AZIMUTH — hosted testbed

Pressure-test a big decision before you commit to it. You describe the call you're about to make; AZIMUTH argues against your plan, names the assumption everything rests on, and returns a clear verdict — proceed, reject, or something in between — with the reasoning.

This repo is the hosted testbed: a browser version you can try with no install. It runs the real AZIMUTH skill for Claude Code, 1:1 — see How it works below.

Try it → azimuth-testbed.netlify.app

What makes it different

It commits to a verdict.
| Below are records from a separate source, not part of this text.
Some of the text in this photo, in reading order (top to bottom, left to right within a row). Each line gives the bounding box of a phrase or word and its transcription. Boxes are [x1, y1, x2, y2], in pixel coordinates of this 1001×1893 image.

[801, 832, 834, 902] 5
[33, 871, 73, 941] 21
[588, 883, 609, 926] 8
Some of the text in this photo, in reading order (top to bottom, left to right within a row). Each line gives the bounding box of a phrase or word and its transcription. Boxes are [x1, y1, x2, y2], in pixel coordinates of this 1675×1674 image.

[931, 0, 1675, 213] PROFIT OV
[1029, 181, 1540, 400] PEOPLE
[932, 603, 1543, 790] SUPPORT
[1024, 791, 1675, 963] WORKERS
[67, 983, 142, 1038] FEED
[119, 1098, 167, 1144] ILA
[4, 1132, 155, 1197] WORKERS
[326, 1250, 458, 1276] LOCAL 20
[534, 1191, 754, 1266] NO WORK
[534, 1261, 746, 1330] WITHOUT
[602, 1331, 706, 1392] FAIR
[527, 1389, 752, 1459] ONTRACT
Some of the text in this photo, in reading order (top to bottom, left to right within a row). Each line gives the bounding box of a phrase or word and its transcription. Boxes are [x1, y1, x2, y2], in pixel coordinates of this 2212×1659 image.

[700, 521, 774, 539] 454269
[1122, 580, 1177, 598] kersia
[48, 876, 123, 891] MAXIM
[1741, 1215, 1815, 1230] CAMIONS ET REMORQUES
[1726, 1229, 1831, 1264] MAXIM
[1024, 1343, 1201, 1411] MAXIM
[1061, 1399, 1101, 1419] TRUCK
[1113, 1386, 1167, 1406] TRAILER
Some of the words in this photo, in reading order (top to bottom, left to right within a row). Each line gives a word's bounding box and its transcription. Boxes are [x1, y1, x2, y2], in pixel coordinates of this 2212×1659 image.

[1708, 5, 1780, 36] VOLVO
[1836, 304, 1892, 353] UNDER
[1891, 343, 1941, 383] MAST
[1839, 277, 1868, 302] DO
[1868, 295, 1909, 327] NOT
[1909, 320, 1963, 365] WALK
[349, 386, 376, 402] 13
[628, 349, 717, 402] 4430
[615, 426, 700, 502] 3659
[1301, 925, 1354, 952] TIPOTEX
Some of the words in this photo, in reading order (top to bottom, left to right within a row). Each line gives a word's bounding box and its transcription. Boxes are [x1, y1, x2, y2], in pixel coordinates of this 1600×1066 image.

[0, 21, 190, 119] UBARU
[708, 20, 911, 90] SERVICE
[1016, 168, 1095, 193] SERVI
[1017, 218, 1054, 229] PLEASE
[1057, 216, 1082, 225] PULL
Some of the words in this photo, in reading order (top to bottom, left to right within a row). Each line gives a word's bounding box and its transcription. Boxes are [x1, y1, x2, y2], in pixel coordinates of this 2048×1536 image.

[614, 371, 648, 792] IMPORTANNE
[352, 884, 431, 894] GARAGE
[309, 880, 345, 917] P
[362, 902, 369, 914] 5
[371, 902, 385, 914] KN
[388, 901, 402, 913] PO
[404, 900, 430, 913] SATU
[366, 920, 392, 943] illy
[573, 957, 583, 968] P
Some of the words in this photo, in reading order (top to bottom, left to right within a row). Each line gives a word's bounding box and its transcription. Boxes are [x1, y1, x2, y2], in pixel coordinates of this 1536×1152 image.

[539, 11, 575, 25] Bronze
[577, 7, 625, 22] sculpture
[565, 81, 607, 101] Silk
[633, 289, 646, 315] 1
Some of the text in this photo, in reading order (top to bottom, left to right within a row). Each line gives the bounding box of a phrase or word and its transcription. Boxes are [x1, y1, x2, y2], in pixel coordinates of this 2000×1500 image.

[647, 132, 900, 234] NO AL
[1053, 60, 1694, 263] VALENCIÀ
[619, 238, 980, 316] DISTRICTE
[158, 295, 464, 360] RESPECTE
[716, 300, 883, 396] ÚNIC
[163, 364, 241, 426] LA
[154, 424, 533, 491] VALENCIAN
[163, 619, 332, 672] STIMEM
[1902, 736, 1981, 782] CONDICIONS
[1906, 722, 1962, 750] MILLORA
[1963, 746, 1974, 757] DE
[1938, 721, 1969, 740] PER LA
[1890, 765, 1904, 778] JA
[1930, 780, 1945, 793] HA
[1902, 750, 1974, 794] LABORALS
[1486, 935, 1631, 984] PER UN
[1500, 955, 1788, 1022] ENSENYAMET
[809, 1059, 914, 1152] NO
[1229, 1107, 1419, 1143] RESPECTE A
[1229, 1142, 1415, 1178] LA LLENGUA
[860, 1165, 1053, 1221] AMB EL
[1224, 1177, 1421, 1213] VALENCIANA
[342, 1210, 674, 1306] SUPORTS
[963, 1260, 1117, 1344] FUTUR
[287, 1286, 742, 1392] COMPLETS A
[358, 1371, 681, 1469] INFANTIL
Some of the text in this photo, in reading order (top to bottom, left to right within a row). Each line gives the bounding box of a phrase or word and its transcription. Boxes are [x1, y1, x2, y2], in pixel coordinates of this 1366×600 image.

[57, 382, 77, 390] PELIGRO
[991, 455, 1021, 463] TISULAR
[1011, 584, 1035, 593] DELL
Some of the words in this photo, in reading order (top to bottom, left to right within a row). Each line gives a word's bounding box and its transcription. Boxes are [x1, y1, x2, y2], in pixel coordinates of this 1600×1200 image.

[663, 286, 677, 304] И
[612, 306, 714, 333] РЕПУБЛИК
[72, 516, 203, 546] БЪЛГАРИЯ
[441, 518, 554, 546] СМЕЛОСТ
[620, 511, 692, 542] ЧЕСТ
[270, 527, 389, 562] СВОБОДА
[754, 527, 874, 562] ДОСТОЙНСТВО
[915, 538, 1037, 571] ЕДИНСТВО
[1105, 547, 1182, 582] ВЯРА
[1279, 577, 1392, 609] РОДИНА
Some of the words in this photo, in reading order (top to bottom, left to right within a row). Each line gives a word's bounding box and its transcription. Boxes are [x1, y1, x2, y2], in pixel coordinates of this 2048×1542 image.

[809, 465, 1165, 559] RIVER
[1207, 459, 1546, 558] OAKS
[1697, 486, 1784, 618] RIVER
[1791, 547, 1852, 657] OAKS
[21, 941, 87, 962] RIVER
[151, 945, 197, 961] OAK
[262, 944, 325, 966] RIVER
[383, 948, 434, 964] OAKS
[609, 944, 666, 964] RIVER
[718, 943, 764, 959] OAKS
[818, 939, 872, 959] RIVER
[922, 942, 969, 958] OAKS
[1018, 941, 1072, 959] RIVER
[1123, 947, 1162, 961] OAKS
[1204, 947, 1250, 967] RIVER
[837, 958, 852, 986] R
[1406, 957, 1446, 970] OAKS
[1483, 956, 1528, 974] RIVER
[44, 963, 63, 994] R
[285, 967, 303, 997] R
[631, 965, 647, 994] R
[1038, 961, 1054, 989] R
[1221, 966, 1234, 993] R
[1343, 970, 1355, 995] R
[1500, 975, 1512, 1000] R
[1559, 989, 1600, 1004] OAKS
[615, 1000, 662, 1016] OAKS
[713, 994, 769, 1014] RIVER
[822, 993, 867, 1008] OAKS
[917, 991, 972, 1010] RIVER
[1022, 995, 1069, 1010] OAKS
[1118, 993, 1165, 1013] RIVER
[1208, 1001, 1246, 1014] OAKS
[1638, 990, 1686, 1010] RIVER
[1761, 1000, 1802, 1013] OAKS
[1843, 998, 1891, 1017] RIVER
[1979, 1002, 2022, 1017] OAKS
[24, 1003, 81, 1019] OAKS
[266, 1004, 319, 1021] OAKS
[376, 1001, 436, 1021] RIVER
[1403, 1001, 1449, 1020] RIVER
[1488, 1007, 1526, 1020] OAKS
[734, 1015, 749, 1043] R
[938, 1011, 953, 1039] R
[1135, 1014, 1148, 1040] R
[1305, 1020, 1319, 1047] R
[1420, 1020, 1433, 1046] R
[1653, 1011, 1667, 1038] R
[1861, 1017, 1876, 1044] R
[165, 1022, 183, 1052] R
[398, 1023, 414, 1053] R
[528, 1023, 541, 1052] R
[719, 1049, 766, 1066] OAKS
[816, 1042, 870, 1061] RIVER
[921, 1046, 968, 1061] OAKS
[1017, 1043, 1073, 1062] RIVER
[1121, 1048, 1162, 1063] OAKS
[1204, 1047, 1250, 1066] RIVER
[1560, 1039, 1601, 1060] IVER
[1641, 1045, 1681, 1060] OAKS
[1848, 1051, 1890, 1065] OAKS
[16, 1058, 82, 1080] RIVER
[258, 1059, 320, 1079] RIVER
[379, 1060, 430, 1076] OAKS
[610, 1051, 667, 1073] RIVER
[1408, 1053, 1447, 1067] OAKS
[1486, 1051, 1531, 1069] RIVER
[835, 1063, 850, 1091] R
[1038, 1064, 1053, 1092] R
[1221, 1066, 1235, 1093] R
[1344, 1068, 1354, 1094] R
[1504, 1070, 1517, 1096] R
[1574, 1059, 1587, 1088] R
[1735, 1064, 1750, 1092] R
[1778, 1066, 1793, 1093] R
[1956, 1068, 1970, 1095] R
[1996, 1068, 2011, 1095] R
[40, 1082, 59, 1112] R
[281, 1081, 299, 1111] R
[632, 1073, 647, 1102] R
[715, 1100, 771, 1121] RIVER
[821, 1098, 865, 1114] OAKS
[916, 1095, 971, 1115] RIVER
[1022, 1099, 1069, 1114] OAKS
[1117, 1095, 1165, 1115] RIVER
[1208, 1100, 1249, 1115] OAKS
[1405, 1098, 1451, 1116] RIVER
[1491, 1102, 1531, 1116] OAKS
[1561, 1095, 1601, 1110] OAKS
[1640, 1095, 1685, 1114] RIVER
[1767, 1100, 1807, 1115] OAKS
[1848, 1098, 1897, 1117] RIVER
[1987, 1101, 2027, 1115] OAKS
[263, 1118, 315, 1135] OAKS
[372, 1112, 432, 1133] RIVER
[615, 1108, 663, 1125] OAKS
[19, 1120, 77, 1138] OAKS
Most tools hand you a list of risks and leave the call to you. AZIMUTH leads with a recommendation and defends it.
It argues against your plan. It's built to find what would have to be true for the plan to work, and to say plainly when those things aren't true. It won't soften the answer to keep you comfortable.
It can't be spun into "yes." See the Boeing example below: the same decision described three ways — fully, stripped to bare facts, and pitched optimistically — and the verdict holds REJECT every time. Only the confidence moves.
Confidence reflects evidence, not framing. Thin evidence lowers the confidence rating; an optimistic pitch doesn't raise it.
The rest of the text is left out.